My favorite part about teaching has to be the students. I absolutely love them.
I treat them as if they were my own. And they actually inspire me to be a better person.

I would say that the biggest challenge being a special education teacher is the amount of paper work. And that would be related to the IEPs, individualized education plans. Sometimes [it’s] a little bombarding.

It’s a little bit challenging if no one is very aware of the information provided, and we’re kind of just off to figure it out on our own. But also, as well as the goal updates and the data collection, a lot of that is very time consuming. That is probably the biggest challenge with special education.

My advice for someone who’s going into special education is to make sure that they have passion for what they do, and they truly love what they do.

Every day is going to bring challenges, but it’s also going to bring rewards. And the biggest thing is to be very thankful for the little things that happen, the really good things, and again to just love what you do.

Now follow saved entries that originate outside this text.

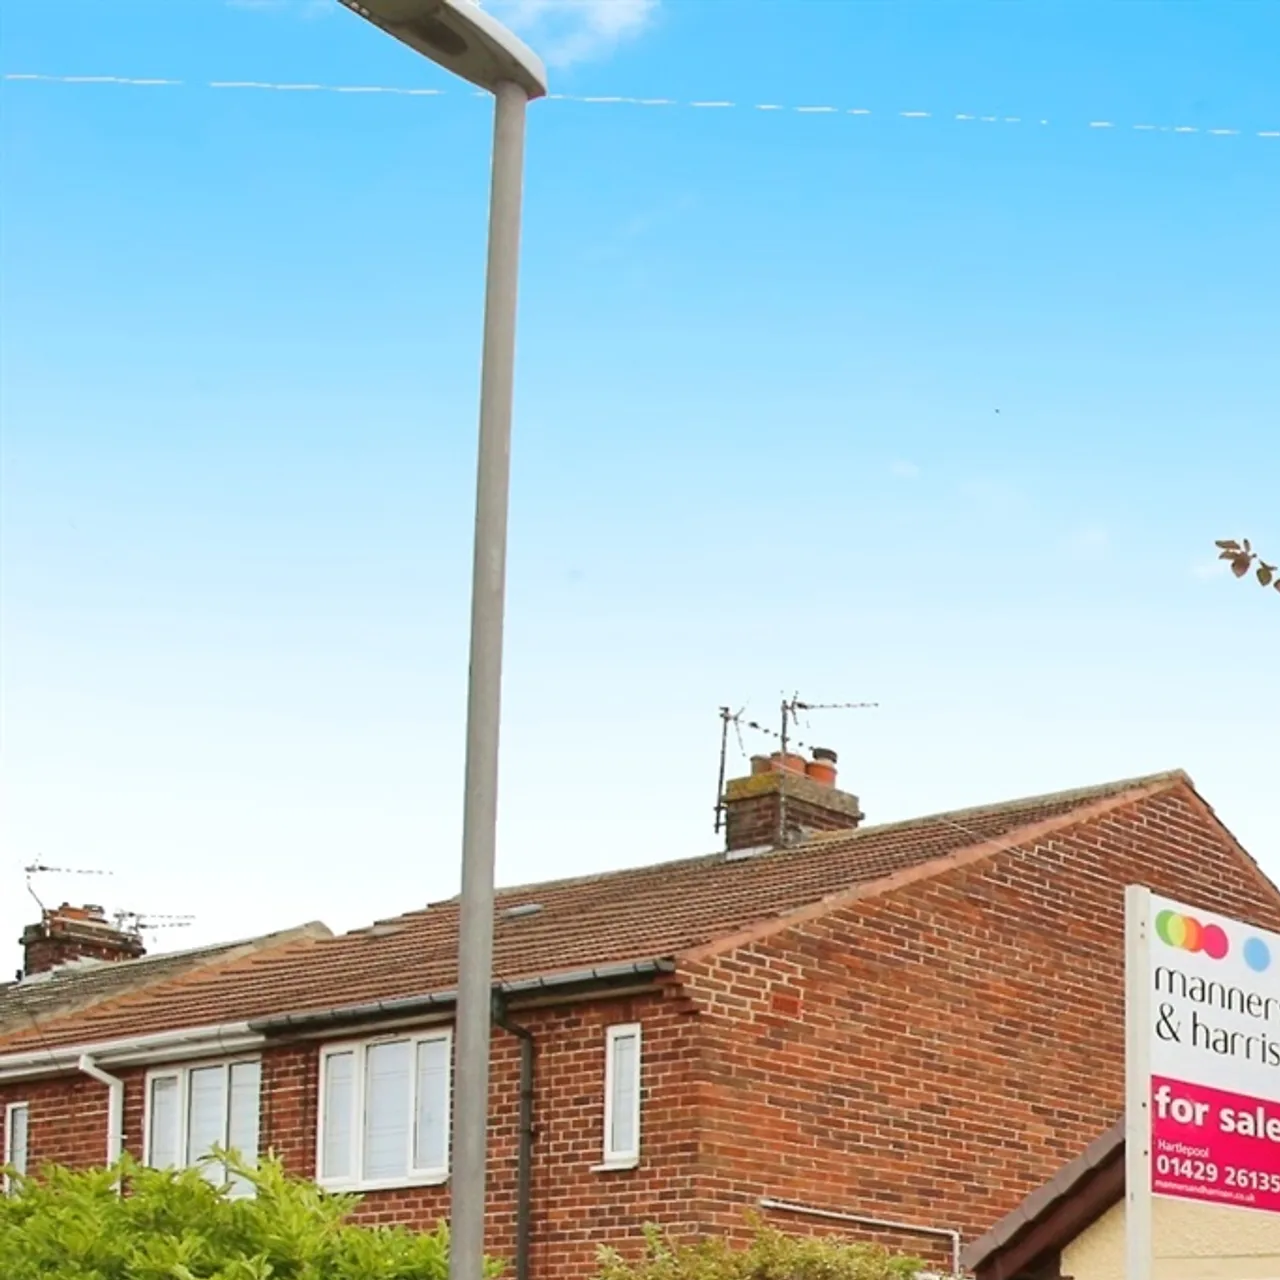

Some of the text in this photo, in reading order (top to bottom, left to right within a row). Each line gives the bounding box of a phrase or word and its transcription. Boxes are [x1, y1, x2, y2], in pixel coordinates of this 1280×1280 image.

[1155, 1002, 1181, 1043] &
[1154, 1085, 1209, 1126] for
[1157, 1139, 1210, 1158] Hartlepool
[1156, 1154, 1218, 1183] 01429
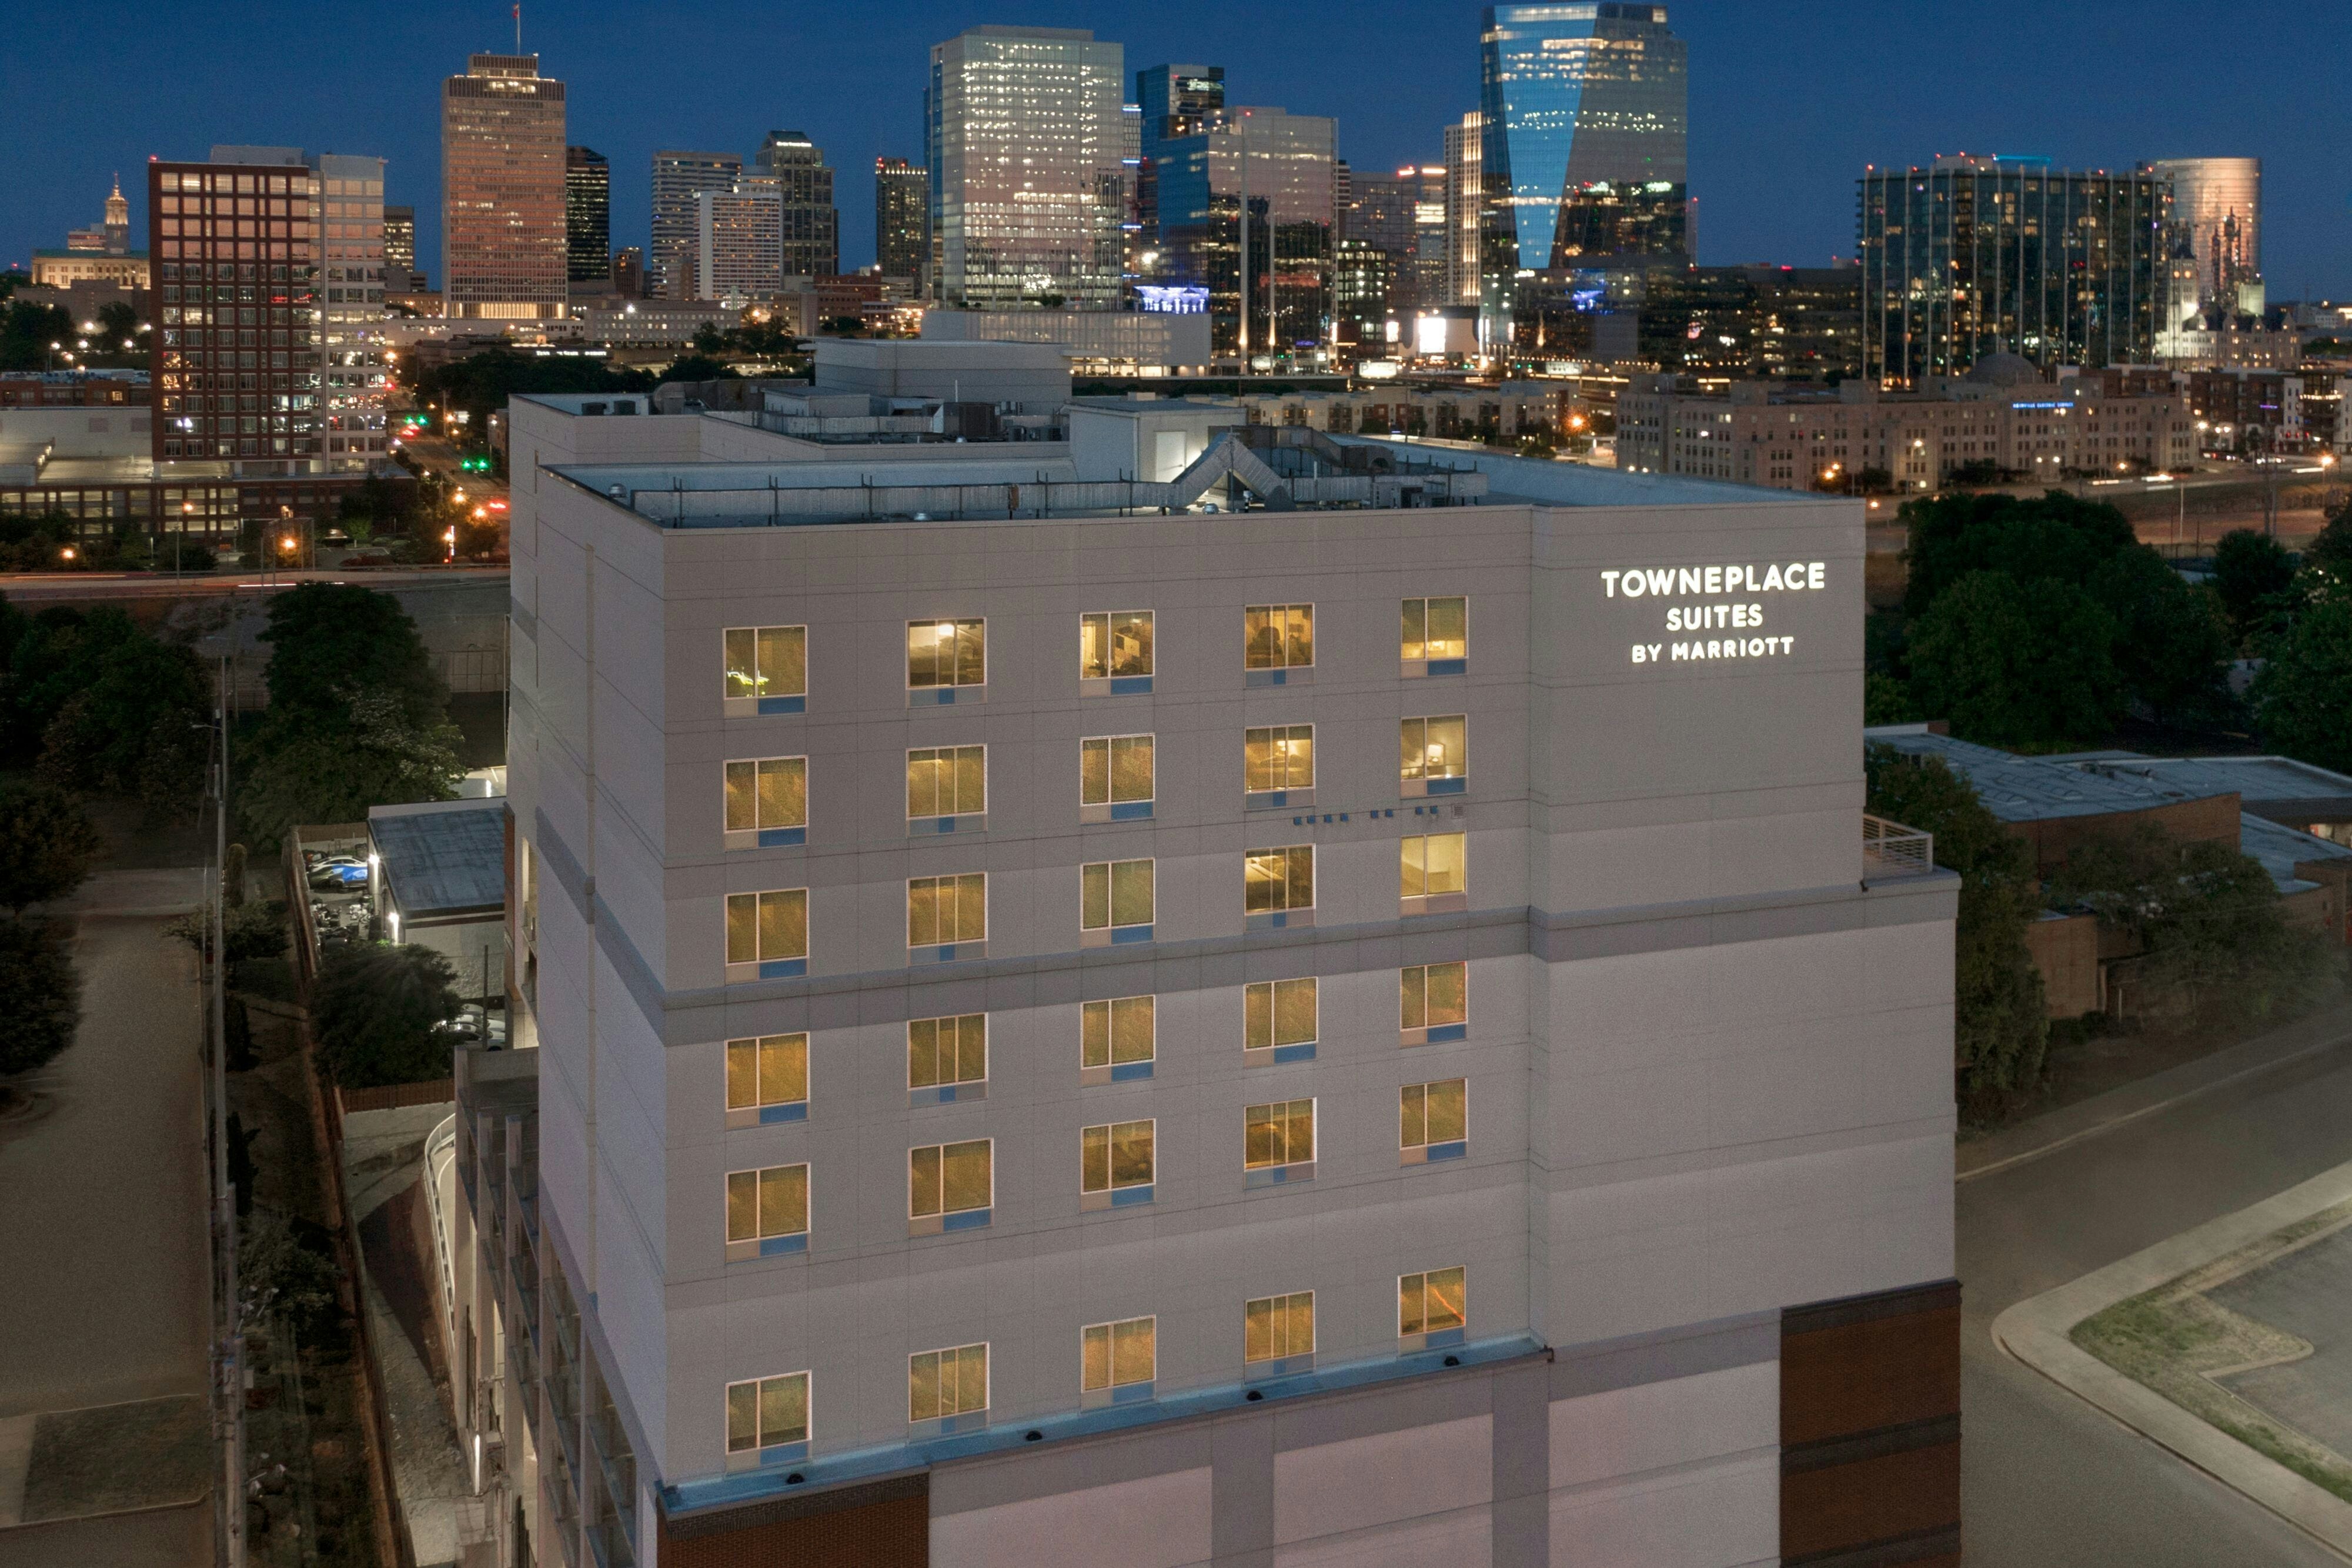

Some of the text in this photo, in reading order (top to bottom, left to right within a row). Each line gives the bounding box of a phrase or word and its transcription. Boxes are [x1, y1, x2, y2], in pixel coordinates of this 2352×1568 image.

[1601, 563, 1825, 597] TOWNEPLACE
[1666, 604, 1763, 631] SUITES
[1632, 636, 1794, 663] BY MARRIOTT

Advice for Special Education Teachers

“My advice for someone who is going into special education is to make sure you have passion for what you do. Everyday will bring challenges but it will also bring rewards.”

Not every day is going to be easy. Things might be hectic or go wrong, but Alicia says to focus on what goes right. Be thankful for the little things. Most importantly, she says to make sure you love what you do.

Alicia Lamacki, MSEd, LBS1 shares her favorite moments, challenges and advice as a special education teacher.

“My advice for someone who is going into special education is to make sure you have passion for what you do. Everyday will bring challenges but it will also bring rewards.”